The Fund outperformed the benchmark in August while markets mostly traded in tight ranges. Performance was chiefly driven by running yield on credit holdings and currency option positions, which were implemented as an alternative to interest rate duration to provide downside protection for the Fund. All credit sectors contributed to performance, including the investment grade, high yield and emerging markets holdings which rebounded from last month’s flat result. Spread moves were minimal from the end of July, masking some intra-month volatility, so most of the performance driver was excess running yield. Top individual performers in credit were holdings of recovery trades such as cruise lines, which rebounded, and Latin American sovereign credits in emerging markets, which also regained ground on political developments after a weak July. AUD currency options were also a key contributor to returns, with an option structure implemented to provide protection to the Fund if the AUD falls. This was put in place as an alternative downside protection structure to interest rate duration, which currently offers less upside and more potential volatility. The currency position added value even as risk markets were steady and with growing pessimism over the pace of the Australian economic growth given the extended lockdowns, and the position was partly covered before the currency began rebounding into month-end.
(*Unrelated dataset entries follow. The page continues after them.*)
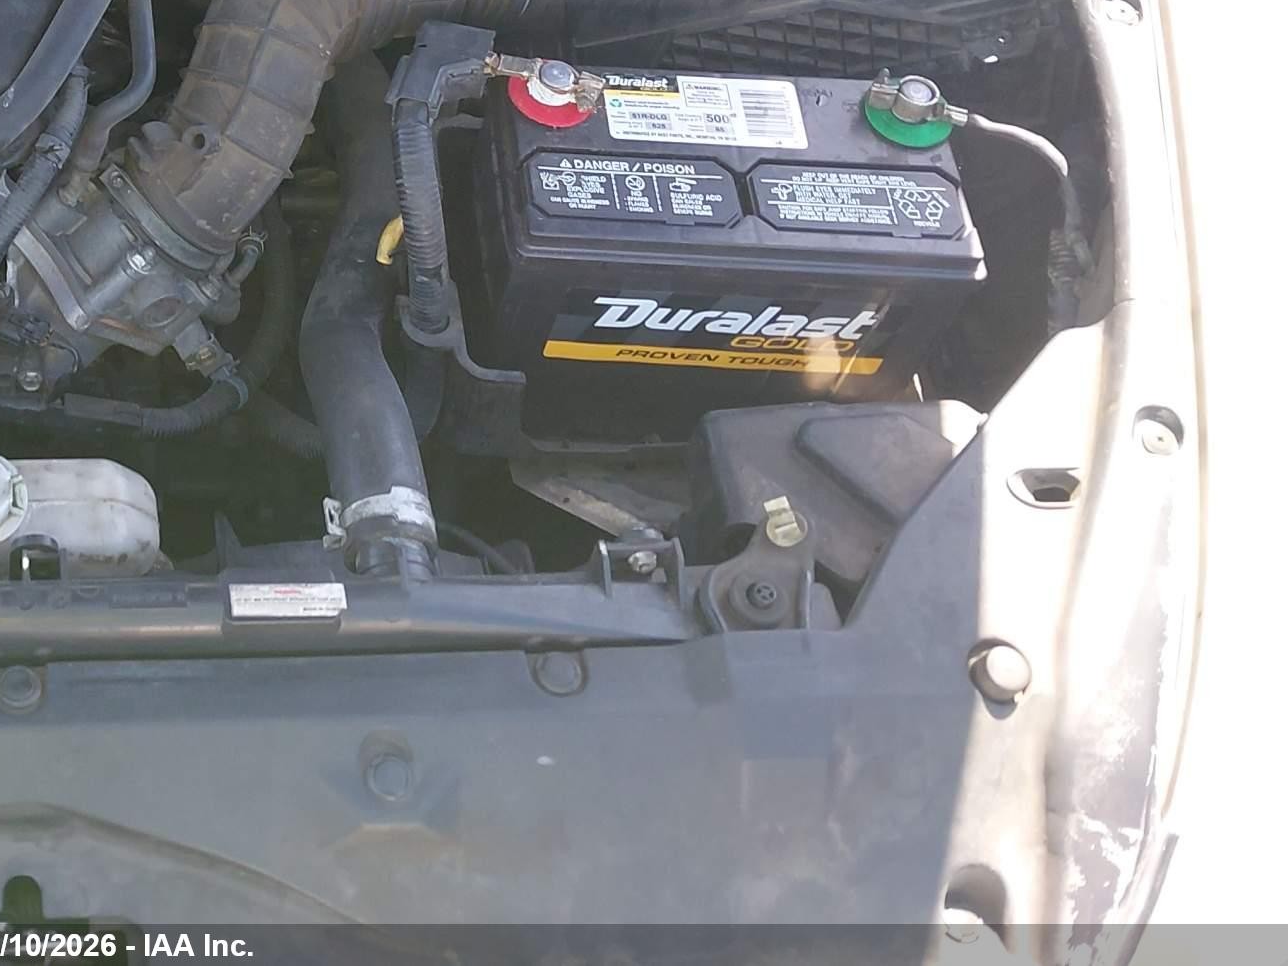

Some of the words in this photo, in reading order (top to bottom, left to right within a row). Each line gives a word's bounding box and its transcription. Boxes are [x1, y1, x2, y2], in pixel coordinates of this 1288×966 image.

[605, 75, 669, 89] Duralast
[705, 113, 730, 124] 500
[574, 159, 629, 172] DANGER
[643, 162, 695, 175] POISON
[593, 296, 880, 340] Duralast
[731, 337, 854, 352] GOLD
[615, 349, 721, 363] PROVEN
[728, 355, 812, 368] TOUGH
Portfolio changes in global credit focused on a continued barbel of higher beta and recovery trades, with additions to BBB-rated credit and travel-related exposures in Europe. The changes were also focused on individual opportunities rather than wholesale sector moves given lower new issuance volumes and limited spread volatility, meaning that overall sector opportunities were limited. The Fund’s modest interest duration positioning was maintained and continued to be weighted towards AUD duration. This was supplemented by an AUD option structure, which generated significant performance and was partially hedged by month-end.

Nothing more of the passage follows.